Me recuesto de nuevo. Mantener el cuello inclinado supone un enorme esfuerzo. Confío que sea ella la que se acerque para que pueda verla.

—Estás equivocada —afirmo risueño.

—Te veo muy despejado —comenta, virando a un tono más facultativo mientras apoya dos dedos bajo mi mandíbula para tomarme el pulso—. Es buena señal.

—Te aseguro que los paraísos también se pueden vivir.

—No lo creo —resuelve ella, tan rotunda que hace bajar diez grados la temperatura de la estancia.

Los ruidos del campamento aprovechan para entrometerse entre nosotros. Yunque, motor, órdenes desganadas, otro motor, una discusión entre dos soldados agotados. Tengo que buscar una frase que vuelva a atraerla hacia mí. Necesito charlar, hacerla partícipe de lo que siento. No puedo mover los brazos ni las piernas, pero puedo hablar. «No te vayas», ruego en silencio mientras pienso en algo ocurrente…

—Sólo has de hacer que te crezcan unas alas.

Frunce el ceño y pasa a contemplarme con una expresión diferente, como si hasta ahora no me hubiera mirado de verdad.

—Me parece que eso es un poco difícil —dice por fin.

Pero al instante, para mi sorpresa, extiende los brazos y los agita de forma cómica, elevándolos sobre su cabeza hasta que llegan a una altura suficiente como para ajustar el ritmo del suero.

—¡No es difícil en absoluto! ¿No ves las mías? ¿A que nunca te han abrazado unas alas?

—Nunca abrazo a los ángeles la primera vez que los veo.

—Tú eres el ángel, no yo.

—David, tienes que descansar.

—Me gusta que haya sido tu voz la que me ha despertado de nuevo a este maldito mundo.

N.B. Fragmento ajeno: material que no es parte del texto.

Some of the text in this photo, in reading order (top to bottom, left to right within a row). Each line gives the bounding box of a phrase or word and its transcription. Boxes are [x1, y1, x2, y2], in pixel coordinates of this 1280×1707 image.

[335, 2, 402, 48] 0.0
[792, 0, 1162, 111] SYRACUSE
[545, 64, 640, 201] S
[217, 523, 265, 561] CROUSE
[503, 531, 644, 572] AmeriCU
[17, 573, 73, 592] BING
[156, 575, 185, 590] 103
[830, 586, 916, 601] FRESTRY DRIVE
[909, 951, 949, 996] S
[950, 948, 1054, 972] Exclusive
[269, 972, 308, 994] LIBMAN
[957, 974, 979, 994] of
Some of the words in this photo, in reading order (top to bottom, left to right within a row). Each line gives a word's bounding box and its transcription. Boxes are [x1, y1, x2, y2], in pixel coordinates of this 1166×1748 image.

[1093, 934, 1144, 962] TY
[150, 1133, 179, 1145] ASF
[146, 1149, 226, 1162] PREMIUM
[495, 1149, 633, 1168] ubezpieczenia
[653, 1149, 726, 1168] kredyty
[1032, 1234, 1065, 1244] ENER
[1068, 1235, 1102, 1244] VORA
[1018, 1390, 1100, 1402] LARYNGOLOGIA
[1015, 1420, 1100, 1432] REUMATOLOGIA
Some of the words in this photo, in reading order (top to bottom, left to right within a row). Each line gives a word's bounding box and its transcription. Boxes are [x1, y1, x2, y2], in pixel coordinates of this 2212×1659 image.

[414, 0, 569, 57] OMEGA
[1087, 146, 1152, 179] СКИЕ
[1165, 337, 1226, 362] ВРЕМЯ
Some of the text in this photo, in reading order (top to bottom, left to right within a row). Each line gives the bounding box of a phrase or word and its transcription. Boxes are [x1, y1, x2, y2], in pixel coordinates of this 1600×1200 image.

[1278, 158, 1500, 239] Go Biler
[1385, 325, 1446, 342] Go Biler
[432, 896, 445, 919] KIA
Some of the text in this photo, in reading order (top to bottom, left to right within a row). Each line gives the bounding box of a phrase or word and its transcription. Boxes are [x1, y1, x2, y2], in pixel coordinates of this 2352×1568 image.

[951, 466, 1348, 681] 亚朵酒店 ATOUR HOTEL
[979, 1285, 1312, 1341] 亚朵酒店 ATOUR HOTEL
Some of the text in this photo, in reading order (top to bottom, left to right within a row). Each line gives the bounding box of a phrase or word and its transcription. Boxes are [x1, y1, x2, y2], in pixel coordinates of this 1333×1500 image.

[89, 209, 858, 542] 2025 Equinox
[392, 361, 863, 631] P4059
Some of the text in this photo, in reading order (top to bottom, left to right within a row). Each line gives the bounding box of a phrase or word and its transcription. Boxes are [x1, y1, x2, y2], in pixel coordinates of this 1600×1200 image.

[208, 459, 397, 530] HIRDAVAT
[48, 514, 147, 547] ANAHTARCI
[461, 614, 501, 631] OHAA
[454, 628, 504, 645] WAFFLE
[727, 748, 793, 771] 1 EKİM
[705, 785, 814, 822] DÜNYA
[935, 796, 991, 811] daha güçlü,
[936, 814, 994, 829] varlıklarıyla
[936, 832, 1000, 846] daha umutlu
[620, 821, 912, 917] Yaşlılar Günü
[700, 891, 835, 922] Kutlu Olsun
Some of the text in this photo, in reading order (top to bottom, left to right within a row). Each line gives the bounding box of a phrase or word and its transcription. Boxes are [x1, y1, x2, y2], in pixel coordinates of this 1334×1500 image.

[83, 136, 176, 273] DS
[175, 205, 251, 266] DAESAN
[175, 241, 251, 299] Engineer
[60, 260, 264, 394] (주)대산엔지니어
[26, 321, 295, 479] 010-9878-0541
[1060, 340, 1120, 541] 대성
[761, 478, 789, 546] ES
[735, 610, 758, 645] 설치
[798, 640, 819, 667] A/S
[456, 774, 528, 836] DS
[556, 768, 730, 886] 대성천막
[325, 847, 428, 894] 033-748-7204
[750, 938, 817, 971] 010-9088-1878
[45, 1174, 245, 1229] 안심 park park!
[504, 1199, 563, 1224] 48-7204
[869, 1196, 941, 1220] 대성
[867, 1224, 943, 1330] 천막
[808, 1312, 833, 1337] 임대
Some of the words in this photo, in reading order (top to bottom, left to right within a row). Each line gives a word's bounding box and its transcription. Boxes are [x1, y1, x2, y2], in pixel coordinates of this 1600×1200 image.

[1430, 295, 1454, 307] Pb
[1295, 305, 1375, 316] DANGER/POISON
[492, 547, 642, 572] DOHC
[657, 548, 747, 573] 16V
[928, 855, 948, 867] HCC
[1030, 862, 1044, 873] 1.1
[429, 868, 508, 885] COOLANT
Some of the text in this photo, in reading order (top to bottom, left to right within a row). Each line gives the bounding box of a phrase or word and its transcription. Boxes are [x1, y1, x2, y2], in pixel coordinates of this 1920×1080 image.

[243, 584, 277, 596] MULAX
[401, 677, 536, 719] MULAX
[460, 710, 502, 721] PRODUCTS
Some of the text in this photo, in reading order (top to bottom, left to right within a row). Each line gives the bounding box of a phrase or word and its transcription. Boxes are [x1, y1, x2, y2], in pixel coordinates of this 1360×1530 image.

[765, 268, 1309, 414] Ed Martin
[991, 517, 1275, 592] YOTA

Por primera vez digo lo de «maldito» con sorna. Soy un fardo arrojado en una clínica portátil pero, por algún inexplicable motivo, me encuentro cada vez mejor.

Para… para… paradise —entona ella con la misma ironía.

Es un encanto. Es obvio que no puede leer mis pensamientos, pero permanece ahí, abanicándome con sus pestañas hasta que me duermo.